ボストンから風光明媚な片田舎へ引っ越して来た12歳のミシェル。新しい生活を迎えた少女は、希望で胸をふくらませていた。だがそれも、事故で断崖から落下して、片足を不具にするまでの話。その時から、ミシェルは復讐の使徒と化した――百年前、子供たちにいじめられて死んだ盲目の少女の怨霊に取り憑かれたのだ……! スティーヴン・キングに次ぐモダンホラー界の大立者ジョン・ソールが、思春期にある少女の心に潜む暗い情念を繊細な筆致で描いたベストセラー。
アレックス・ロンズデールはシリコン・バレーのはずれにある町ラ・パロマで生まれ育った16歳のハイスクール二年生。
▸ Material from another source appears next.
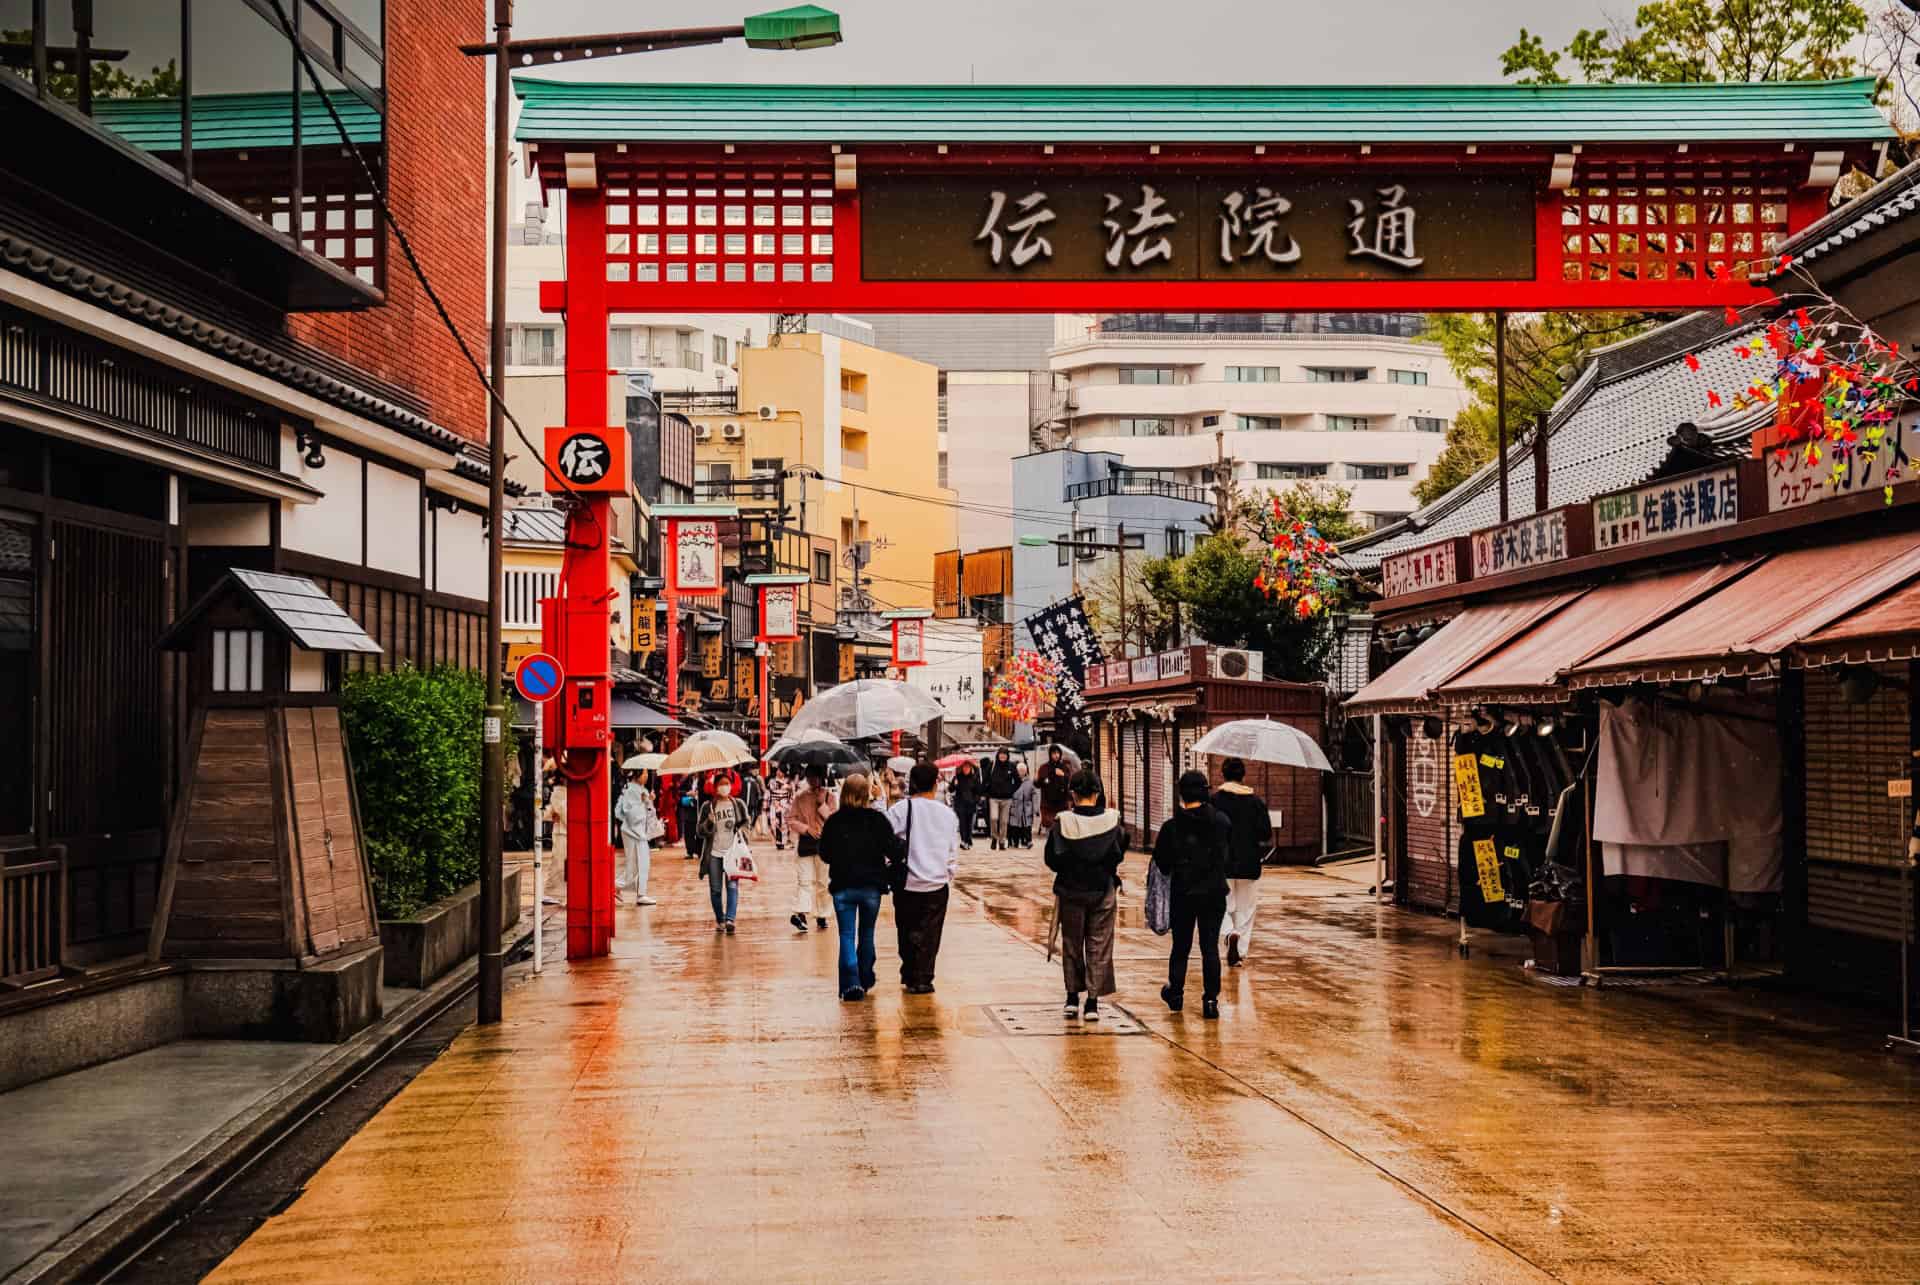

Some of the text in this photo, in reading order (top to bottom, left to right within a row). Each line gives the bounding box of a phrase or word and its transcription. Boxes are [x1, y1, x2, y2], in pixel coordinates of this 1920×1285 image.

[978, 184, 1425, 269] 伝法院通
[560, 439, 604, 478] 伝
[1643, 473, 1737, 536] 佐藤洋服店
黒い瞳とウェーブのかかった黒髪を持つなかなかのハンサム・ボーイで、子供の頃から人気者だった。ある晩、ハイスクールの同窓生が集うダンス・パーティに出かけた彼は、二次会ではめをはずして大騒ぎをしてしまう。ガールフレンドのリサの止めるのもきかず、酒を飲んだり、素っ裸でプールに飛び込んだりのはしゃぎ振り。その帰り道、アレックスは運転する車もろとも道路から谷底へ転落、重体に陥った。奇跡的に一命はとりとめたが、時がたつにしたがって彼は奇妙なイメージを見るようになった。そのイメージはサンフランシスコのある墓地に入った時、鮮明になった。彼は尼僧の姿を見、「復讐を」という声を聞いた。そしてついに自らが殺人を犯すことに……。
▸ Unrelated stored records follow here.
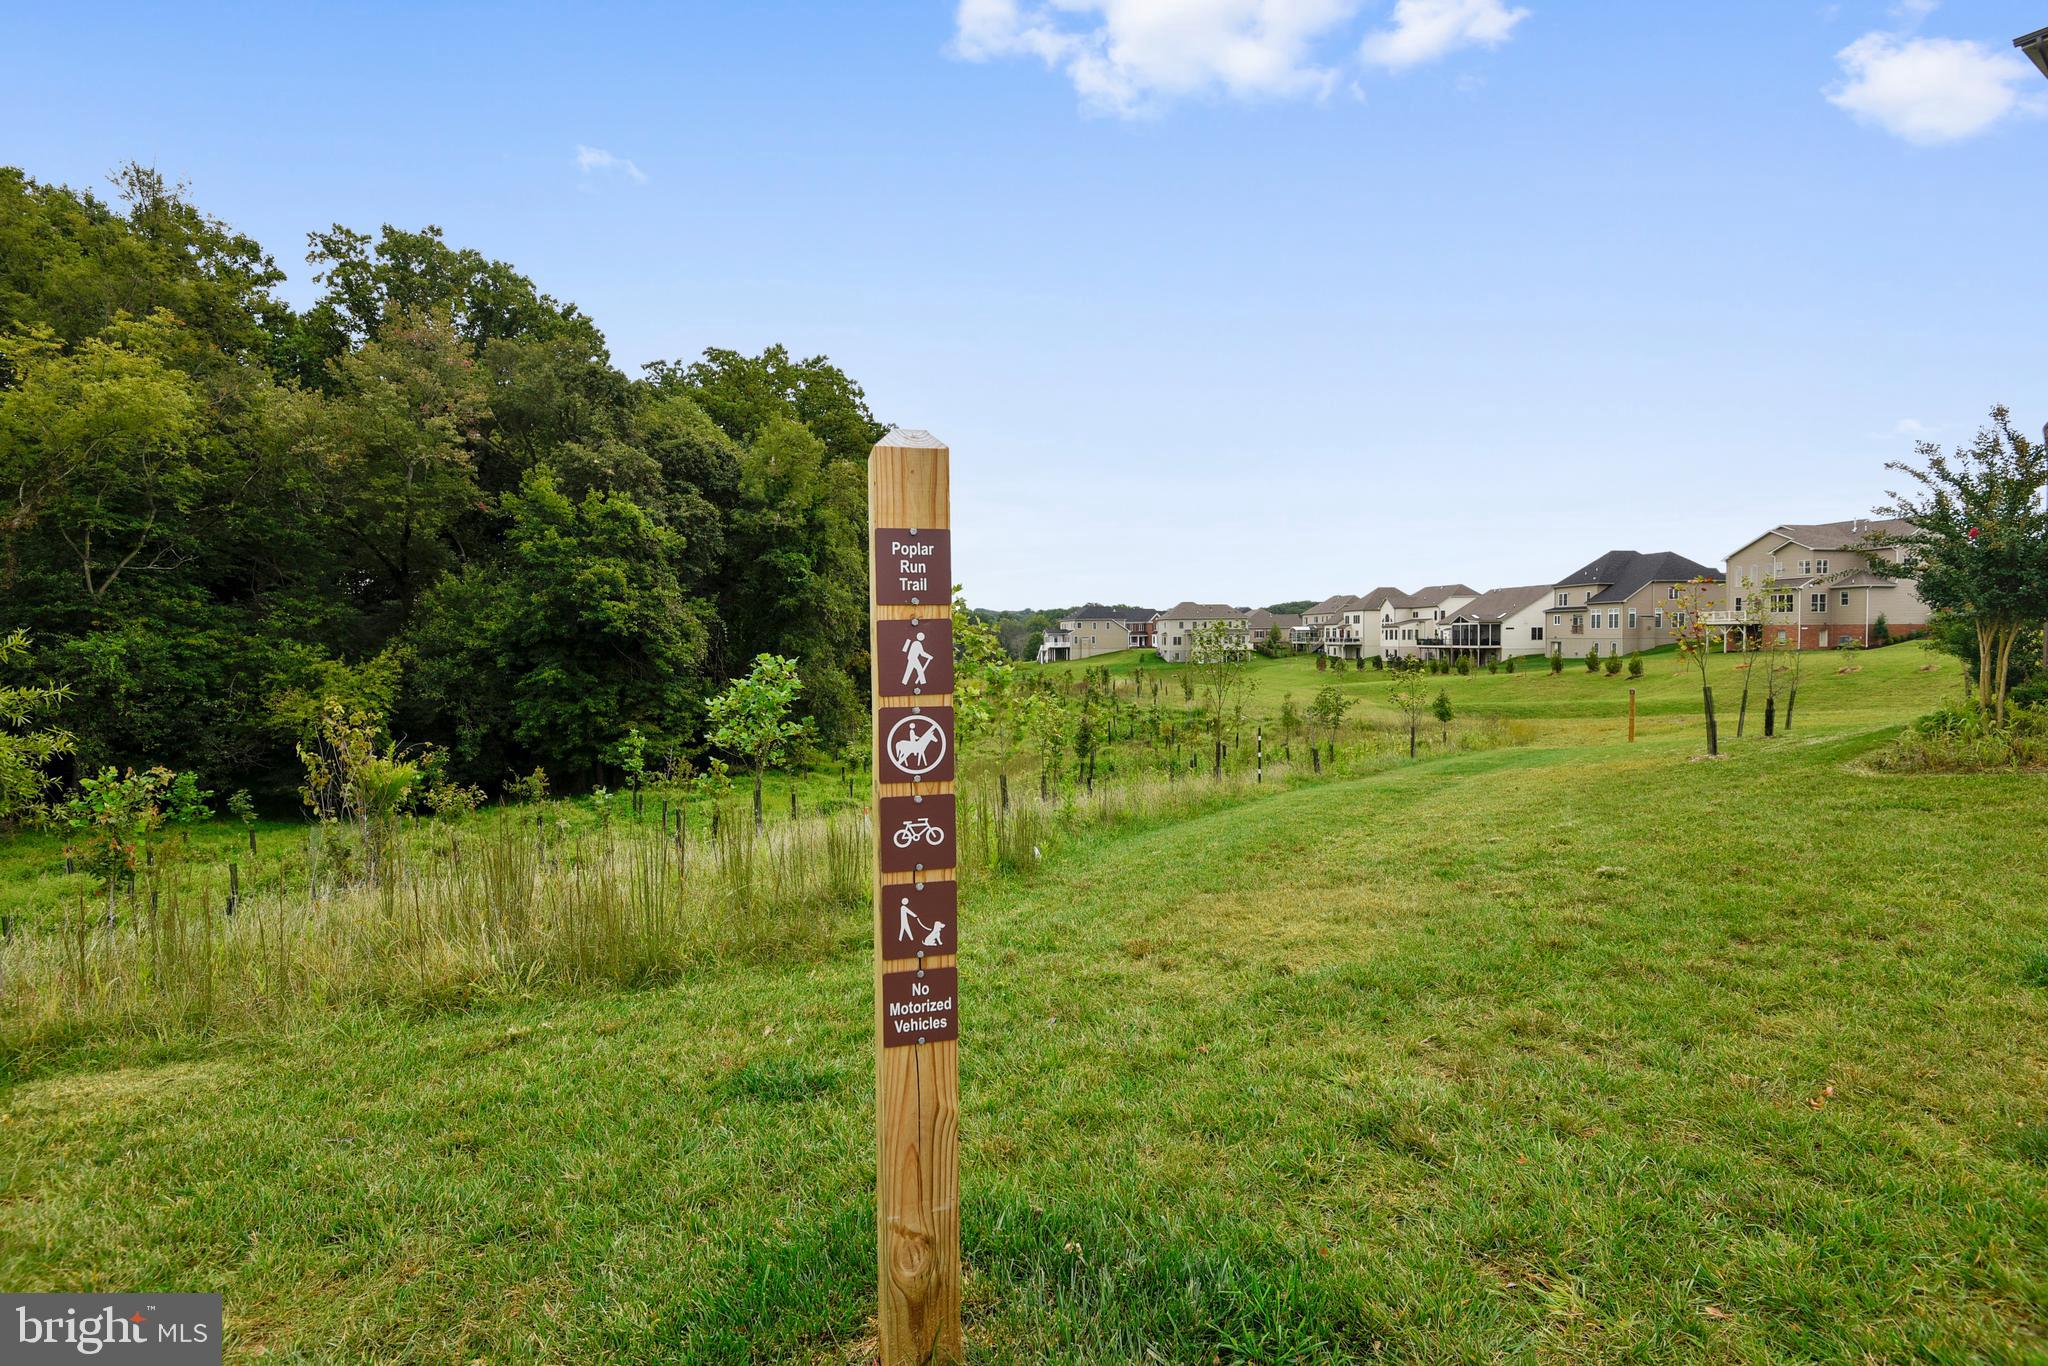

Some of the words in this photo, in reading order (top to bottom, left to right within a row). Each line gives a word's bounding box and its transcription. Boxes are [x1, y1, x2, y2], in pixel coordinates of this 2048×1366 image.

[891, 541, 934, 558] Poplar
[900, 560, 926, 573] Run
[899, 577, 927, 591] Trail
[912, 982, 930, 997] No
[889, 996, 952, 1016] Motorized
[894, 1016, 948, 1033] Vehicles
百年前に火事を起こし、放置されている靴工場の跡を改修して、巨大なショッピングセンターにする――工場の所有者にして、この町の名家スタージス家の当主フィリップにとって、その計画はすばらしいものに思えた。しかし、「あの廃墟に手を出すな」という先代の意向を無視して工事にとりかかった矢先、思いもよらぬ事故が続発する。マサチューセッツ州の田舎町、ウェストオーヴァ。この町の靴工場の廃墟には、なにかがいる。そのことを「感じて」いる、あるいは「知って」いるのは、フィリップの母アビゲイルと、幼い少女ベスの二人だけだ。それは百年前に焼け死んだ少女の怨念なのか――?ホラーの魔術師ジョン・ソールがおくる悪夢の饗宴。
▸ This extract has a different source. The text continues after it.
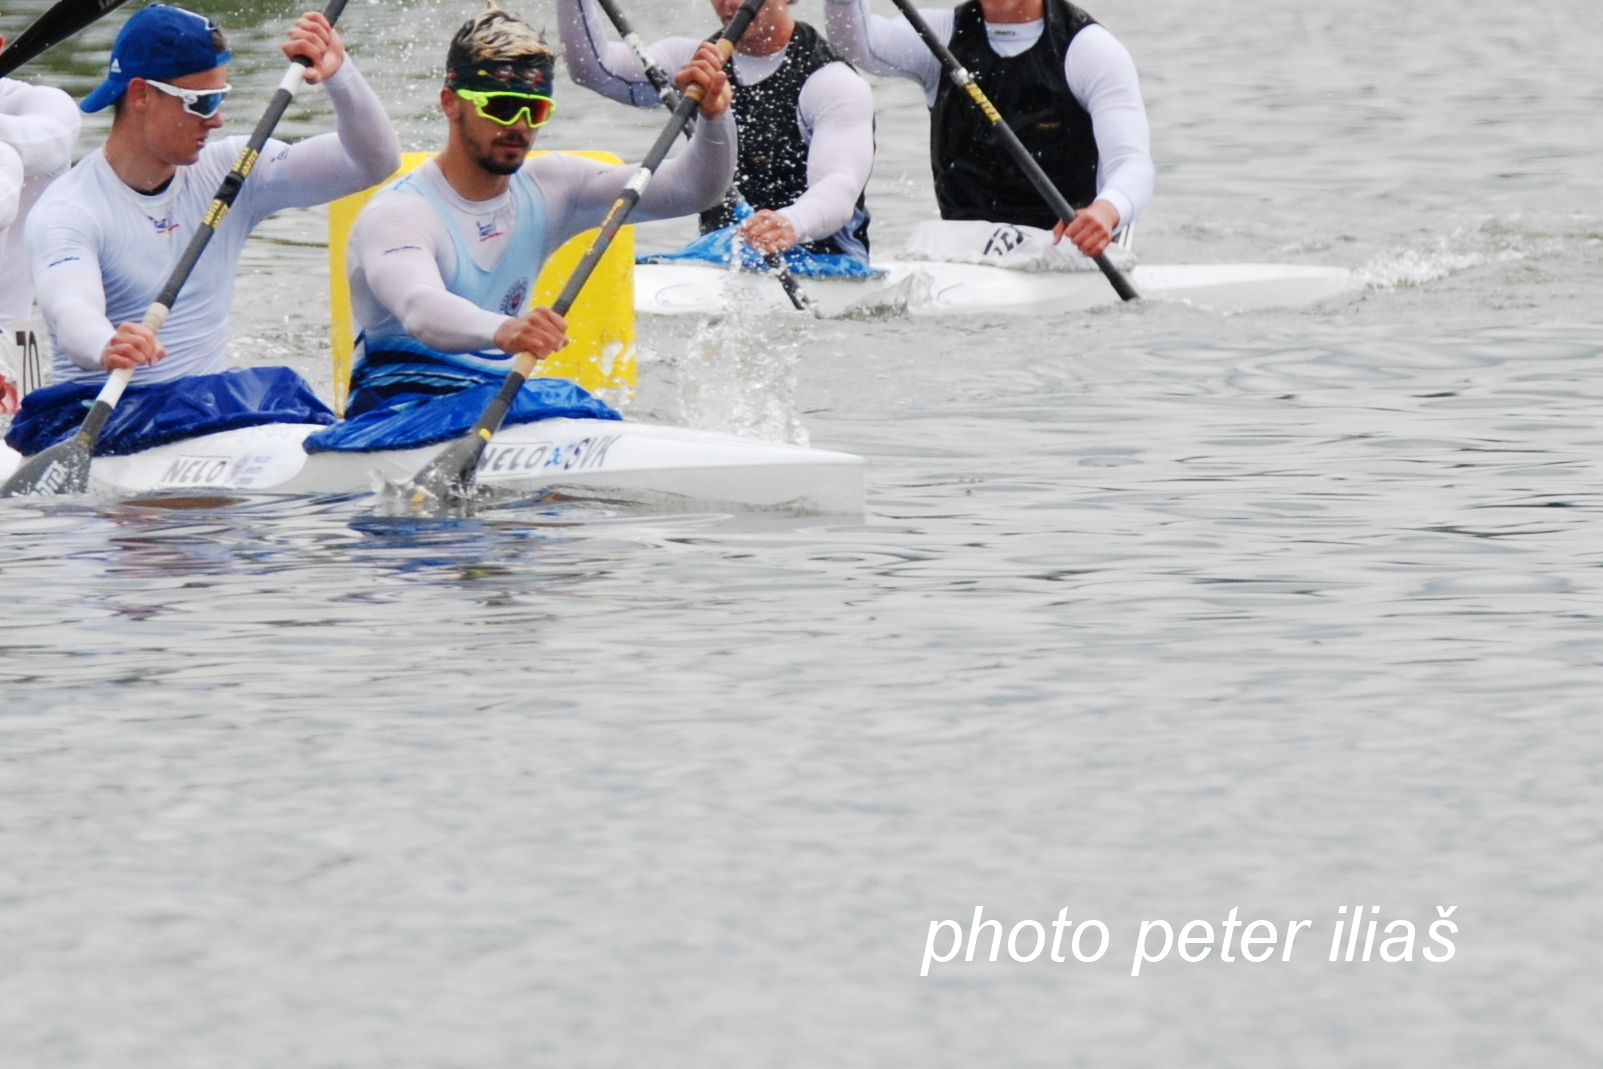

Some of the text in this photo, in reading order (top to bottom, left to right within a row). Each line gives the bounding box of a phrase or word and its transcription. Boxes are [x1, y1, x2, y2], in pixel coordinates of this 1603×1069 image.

[478, 435, 623, 472] NELO SVK
[161, 458, 228, 483] NELO
まだ寒さが残る春先、母を亡くした十五歳のキャシーは、カリフォルニアから大陸の反対側にあるさびれた港町フォールス・ハーバーに住む父親の元に移ってきた。初めて訪れたこの土地で、彼女はこれまで夢の中で見たことがある黒衣の女ミランダに出会う。しかし現実には彼女は海辺の沼地に住み、人々からは魔女よばわりされている変わり者の女だった。新しく転入した地元の高校でも問題を起こすキャシーをめぐって、怪しげな噂が広がっていく。相前後してミランダが謎の死をとげ、凶事が続発する。キャシーの正体はミランダを受け継ぐ魔女なのか―。怨念と因習に彩られた荒涼たる土地を舞台に、思春期の不安な心理を妖しく描いたジョン・ソールの会心作。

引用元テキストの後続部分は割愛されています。